When I rewrote my mmProduct algorithm such that the second and the third loop is swapped, the speedup was absolutely tremendous: from 36 seconds with 2^11 x 2^11 matrices to just 5.4.

By comparison, I also implemented the transposing second matrix implementation, and while there was a considerable speedup from 36 seconds to just 12.9, the loop swapped version still blows it out of the water with the added benefit that no extra memory needs to be allocated. I attribute the slowdown to the fact that we cannot take advantage of SIMD as we are still repeatedly adding to a single sum variable or result element.

By another comparison, my Strassen multiplication algorithm ran on the matrices with a depth of 7 also computed the product in 5.4 seconds.

When ran on matrices size 2^12 x 2^12, the times were as follows:

• Original mmProduct: 391 seconds
• Loop swapped mmProduct: 47 seconds (about scaled by a factor of 8)
• Strassen depth 8: 40 seconds (about scaled by a factor of 7)
• mmProduct with second matrix transposed: 106 seconds (about scaled by a factor of 8)

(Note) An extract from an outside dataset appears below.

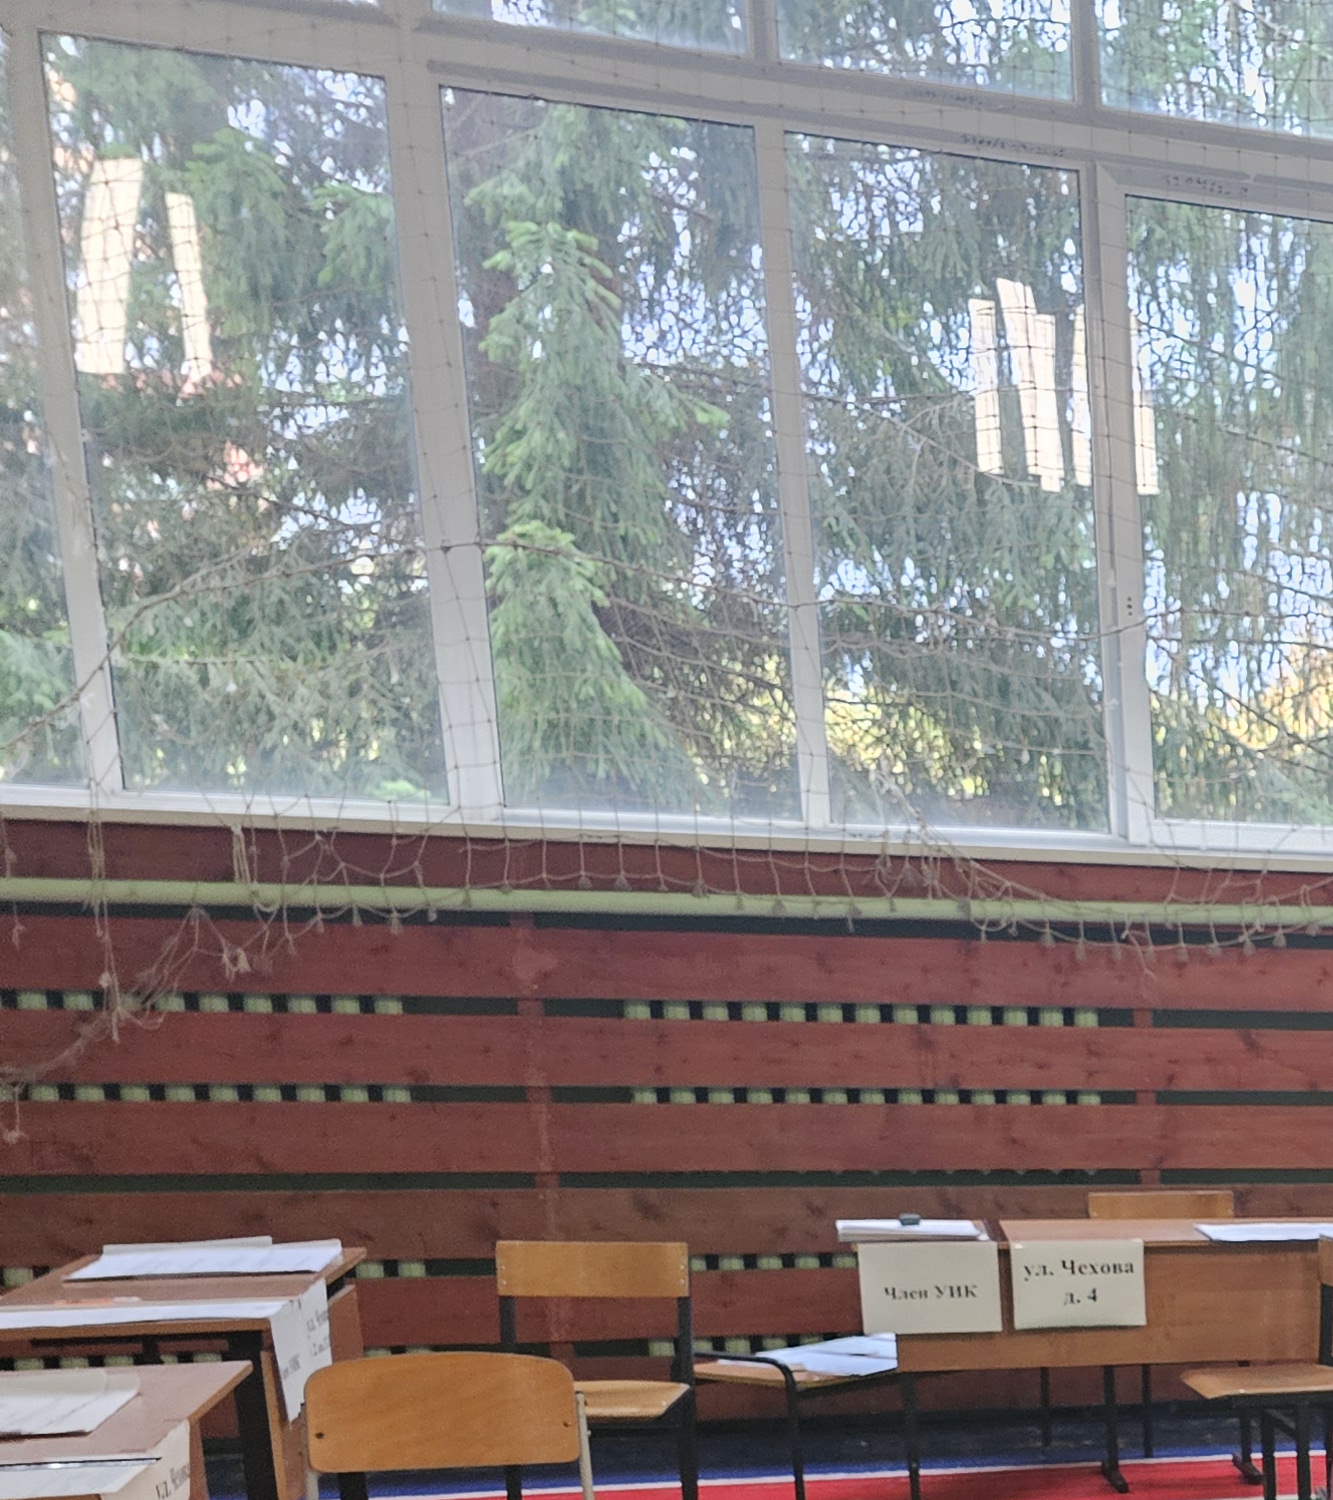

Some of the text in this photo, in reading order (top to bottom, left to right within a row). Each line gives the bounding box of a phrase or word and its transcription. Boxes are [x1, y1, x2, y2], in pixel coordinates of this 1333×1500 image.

Unfortunately, in all cases, the transposed version of mmProduct seems to be overshadowed by the loop swapped mmProduct.

---

Rewritten functions:

void mmProduct(Matrix*__restrict first, Matrix*__restrict second, Matrix*__restrict result) {
    const int rows = result->rows;
    const int columns = result->columns;
    const int size = rows * columns;
    const int firstColumns = first->columns;
    for(int i = 0; i < size; i++) {
        result->elements[i] = 0.0;
    }
    for(int i = 0; i < rows; i++) {
        double* row = &(first->elements[i * firstColumns]);
        for(int k = 0; k < firstColumns; k++) {
            for(int j = 0; j < columns; j++) {
                result->elements[i * columns + j] += row[k] * second->elements[k * columns + j];
            }
        }
    }
}

void mmProductWT(Matrix*__restrict first, Matrix*__restrict second, Matrix*__restrict result) {
    const int rows = result->rows;
    const int columns = result->columns;
    const int operandColumns = first->columns;
    double* secondTransposeElements = (double*) calloc(columns * second->rows, sizeof(double));
    Matrix secondTranspose = { columns, second->rows, secondTransposeElements };
    transpose(second, &secondTranspose);
    for(int i = 0; i < rows; i++) {
        for(int j = 0; j < columns; j++) {
            double sum = 0.0;
            for(int k = 0; k < operandColumns; k++) {
                result->elements[i * columns + j] += first->elements[i * operandColumns + k] * secondTranspose.elements[j * operandColumns + k];
            }
            result->elements[i * columns + j] = sum;
        }
    }
    free(secondTransposeElements);
}

Here is the code for main.c so you can test it for yourself: Remember to replace mmProduct with the loop swapped version.

https://gist.github.com/kevinMEH/98807c5929df84dda793988f7f561763

Thanks to everyone who responded and gave suggestions, special thanks to @RaymondChen.